15th July, repeated 22nd July, 5th August 2007
The concert I’m going to review is, hopefully, not the concert that you’ll be attending on its repeat performance. The group’s soprano being ill, there was nobody to give the expected readings of Jefferson’s correspondence. As a result this was a purely instrumental performance. Kah-Ming Ng at the harpsichord was accompanied by violinists Richard Wade and Lara James; the latter hastily called up while recovering from a pretty extensive tour.

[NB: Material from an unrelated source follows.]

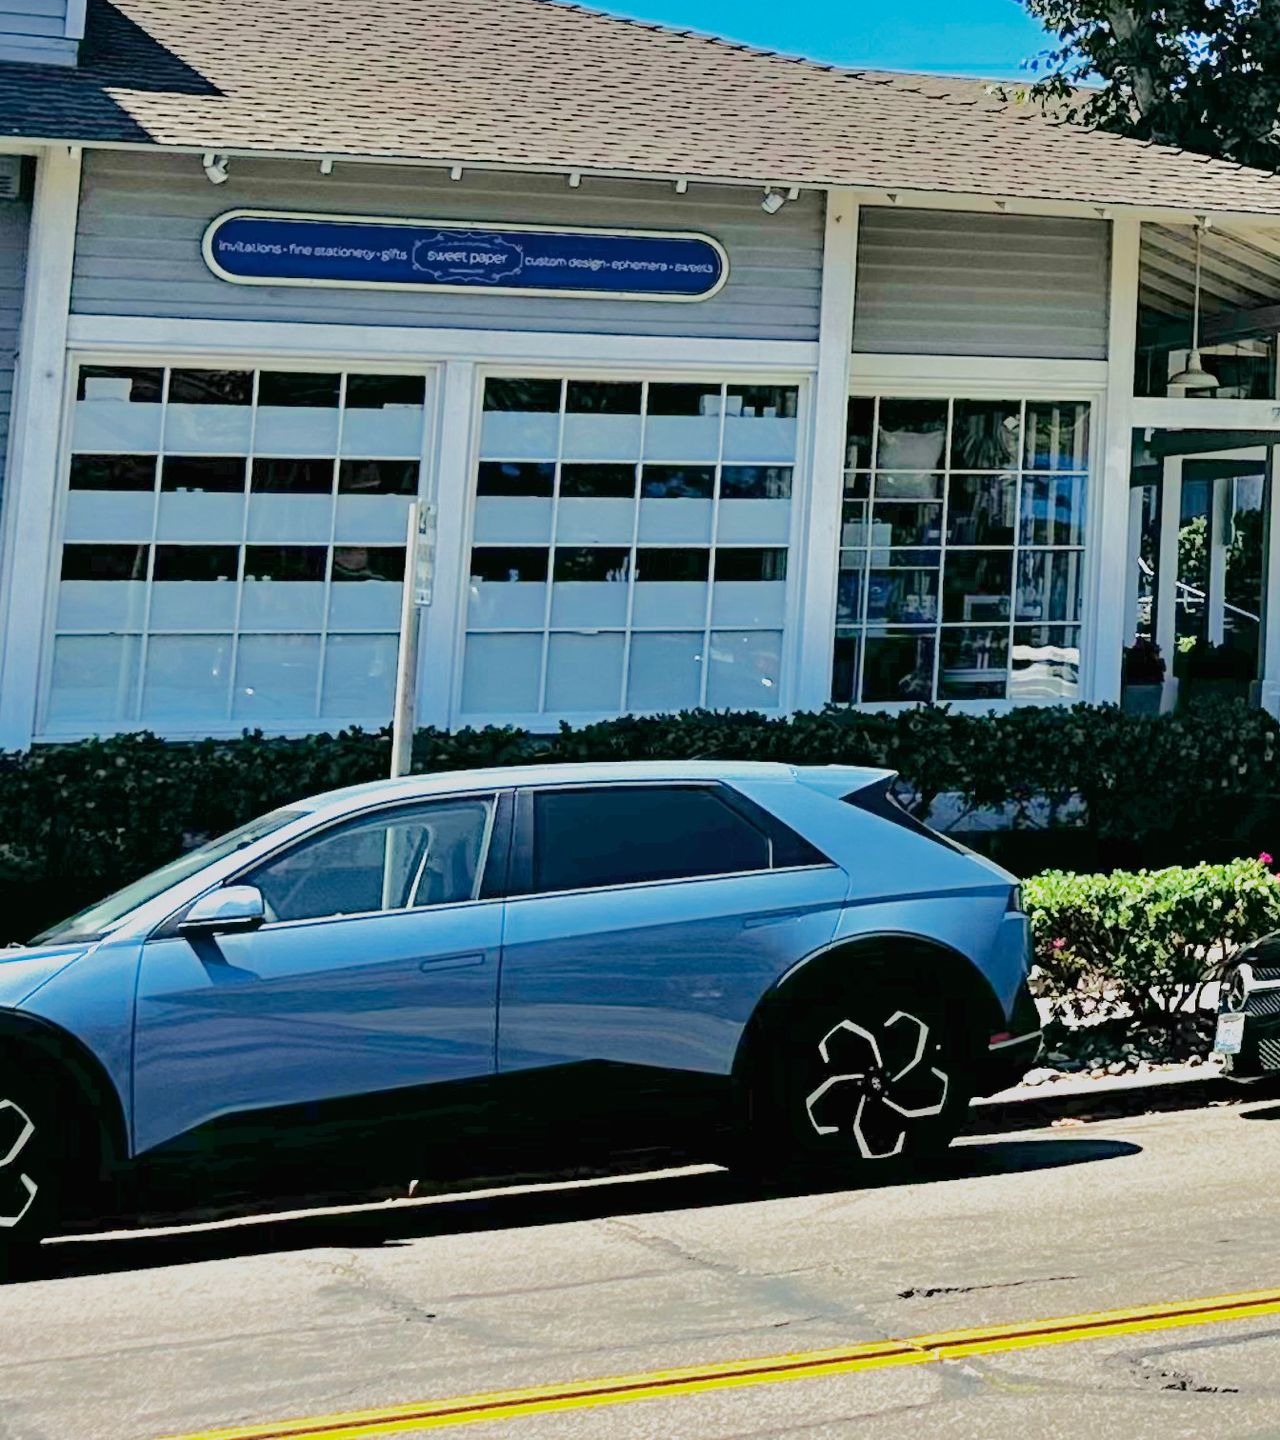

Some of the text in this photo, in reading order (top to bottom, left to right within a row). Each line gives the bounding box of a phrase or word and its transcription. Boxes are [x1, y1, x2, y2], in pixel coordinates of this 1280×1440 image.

It’s a testament to Charivari Agreable’s skill, flexibility and repertoire that they managed to throw together almost literally at the last minute (the soprano had called at half past nine that morning) a programme that was, for the most part, interesting and varied. They’d even found time to print out an updated programme. Slightly less impressive was the attempt to stick, somewhat loosely, to the Jeffersonian theme. Bravely stepping up to the plate to give a little of the anticipated context, Ng and Wade cheerfully explained that the first American president would almost certainly have played the pieces we were hearing. Or at least have known about them. Or almost certainly have visited a country that the composer of the pieces had also visited at roughly the same time.
The intriguing thing about the programme was the time it spanned – mirroring Jefferson’s life it sat across the Baroque and Classical periods, making the point that the boundary between these two is – like any artistic period defined after the fact – somewhat fuzzy. The opening trio sonata by William Boyce was written in 1747 but could have come from much earlier, while earlier sonatas by Corelli displayed stylistic innovations that anticipated their successors.

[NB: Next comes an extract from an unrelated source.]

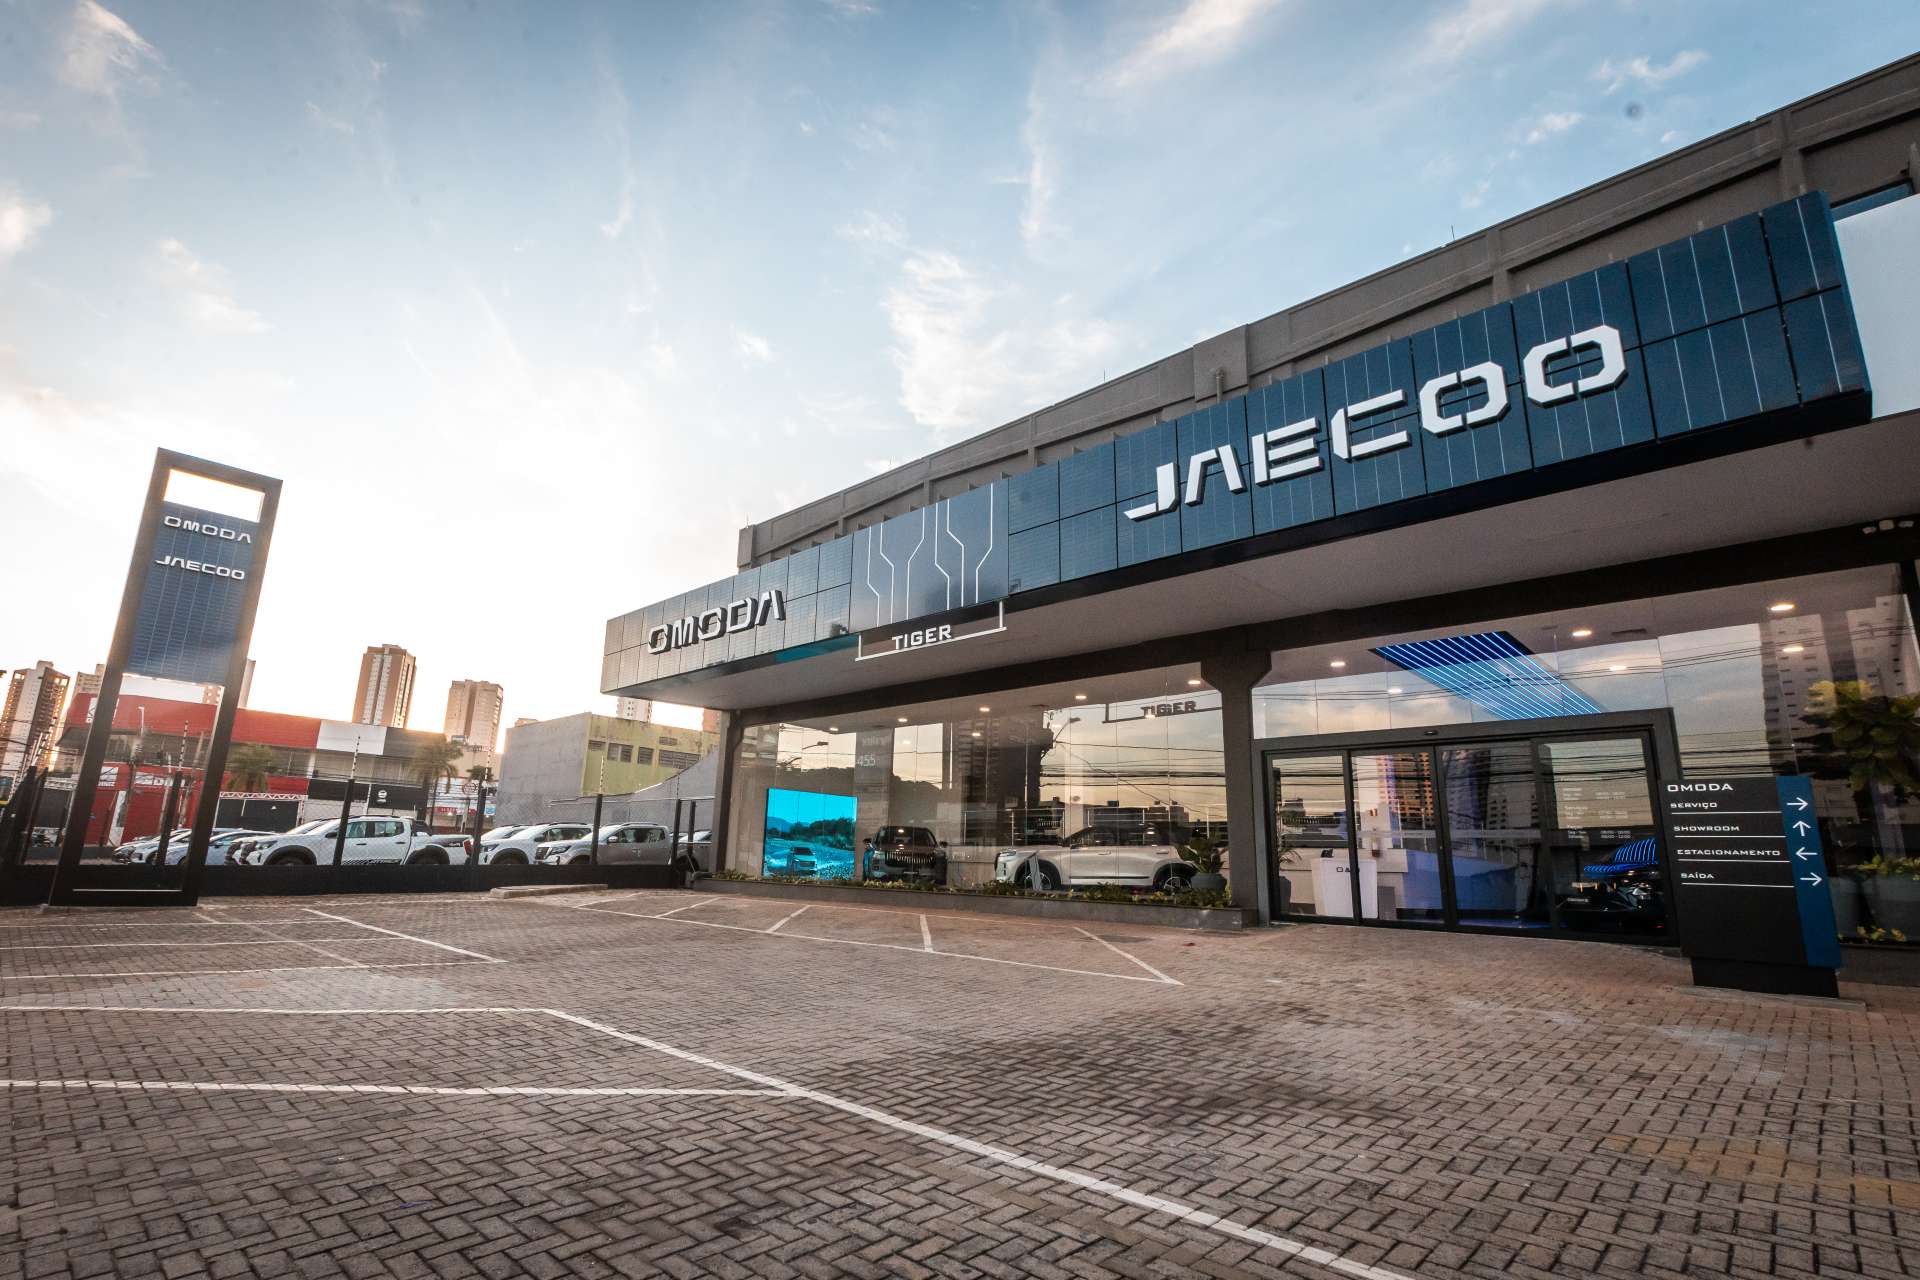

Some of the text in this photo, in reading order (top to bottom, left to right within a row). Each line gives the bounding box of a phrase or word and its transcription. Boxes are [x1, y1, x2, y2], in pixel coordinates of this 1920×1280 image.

The only misstep came with the inclusion of a very early Mozart Sonata – number 4 in E minor. Written when the composer was being touted about Europe as a child prodigy, this is not one of his better works. In fact it’s rather dull and repetitive, and while an extract would have made as interesting a bagatelle as the short violin duet that preceded it, the full-length version took up far more of the second half than its quality warranted.
Overall however this was, as usual, carefully selected, cerebral and entertaining stuff. Even without the full Jefferson readings it served as an entertaining reminder that the founders of America were intellectuals of their era, fully engaged with the cultural as well as the philosophical currents of the European enlightenment.